[Source records]
★ ★ ★ ★ ★ ★ ★
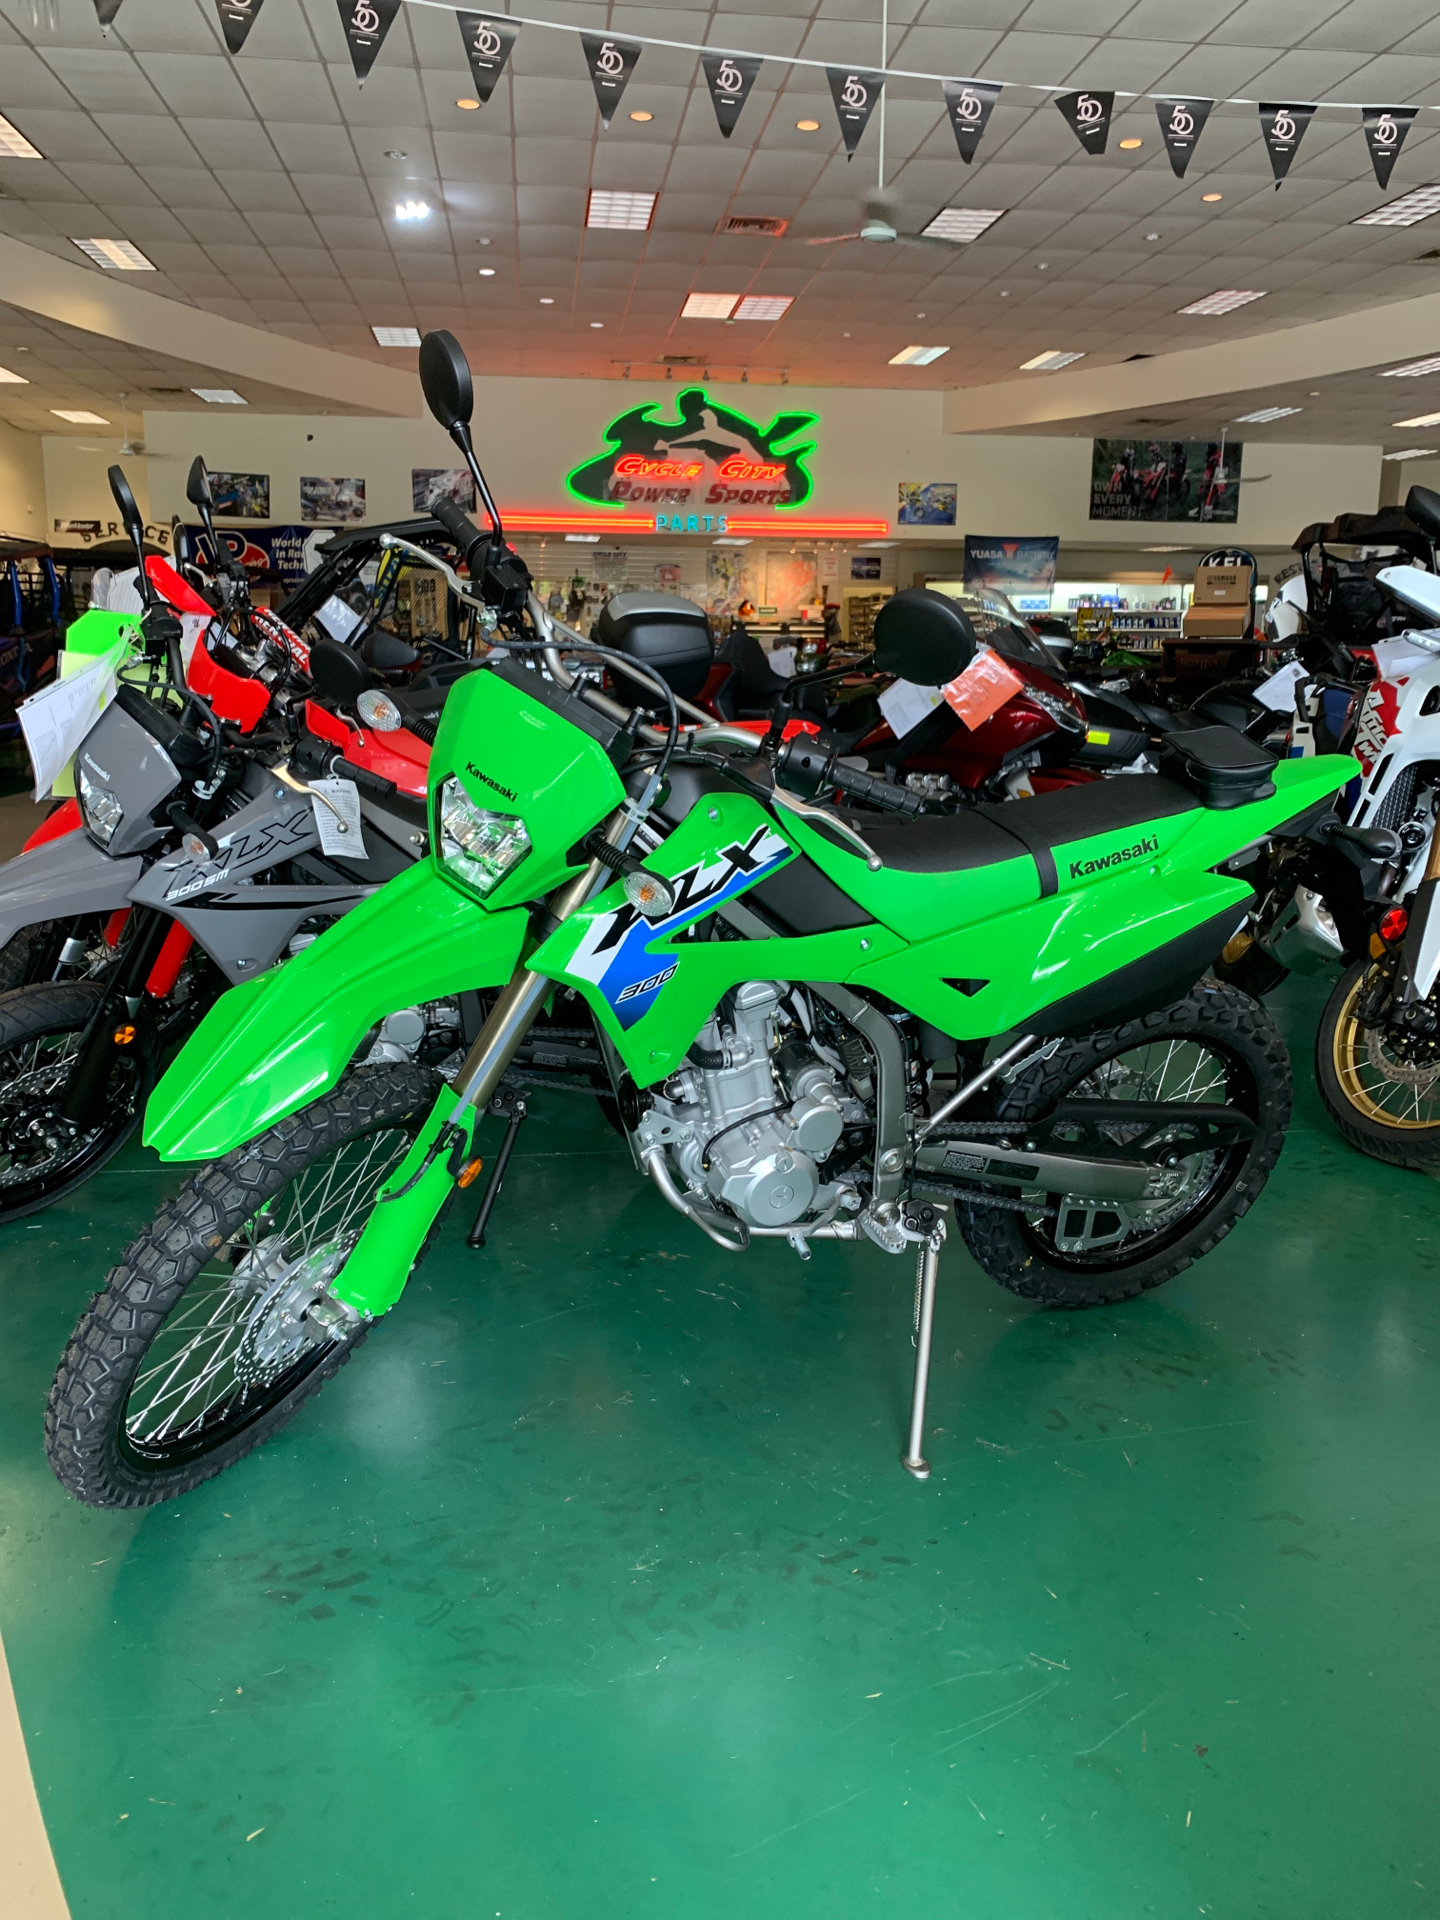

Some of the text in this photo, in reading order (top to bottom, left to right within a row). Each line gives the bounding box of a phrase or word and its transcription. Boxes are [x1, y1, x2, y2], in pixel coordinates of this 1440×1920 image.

[351, 0, 379, 32] 50
[473, 21, 501, 55] 50
[597, 42, 624, 74] 50
[716, 59, 743, 92] 50
[841, 75, 867, 108] 50
[956, 88, 982, 120] 50
[1076, 94, 1102, 122] 50
[1169, 105, 1194, 135] 50
[1271, 109, 1296, 140] 50
[1373, 114, 1398, 144] 50
[1093, 481, 1122, 493] OWN
[1093, 493, 1132, 504] EVERY
[655, 514, 729, 533] PARTS
[1091, 506, 1145, 518] MOMENT
[271, 538, 302, 548] World
[276, 549, 286, 559] in
[970, 549, 1055, 559] YUASA BATTERY
[84, 752, 111, 782] Kawasaki
[465, 761, 518, 802] Kawasaki
[1069, 833, 1159, 880] Kawasaki
[615, 961, 680, 1005] 300
★ ★ ★ ★ ★ ★ ★
Without the images, write out all of the records exactly.

Some of the text in this photo, in reading order (top to bottom, left to right within a row). Each line gives the bounding box of a phrase or word and its transcription. Boxes are [x1, y1, x2, y2], in pixel coordinates of this 1440×1920 image.

[351, 0, 379, 32] 50
[473, 21, 501, 55] 50
[597, 42, 624, 74] 50
[716, 59, 743, 92] 50
[841, 75, 867, 108] 50
[956, 88, 982, 120] 50
[1076, 94, 1102, 122] 50
[1169, 105, 1194, 135] 50
[1271, 109, 1296, 140] 50
[1373, 114, 1398, 144] 50
[1093, 481, 1122, 493] OWN
[1093, 493, 1132, 504] EVERY
[655, 514, 729, 533] PARTS
[1091, 506, 1145, 518] MOMENT
[271, 538, 302, 548] World
[276, 549, 286, 559] in
[970, 549, 1055, 559] YUASA BATTERY
[84, 752, 111, 782] Kawasaki
[465, 761, 518, 802] Kawasaki
[1069, 833, 1159, 880] Kawasaki
[615, 961, 680, 1005] 300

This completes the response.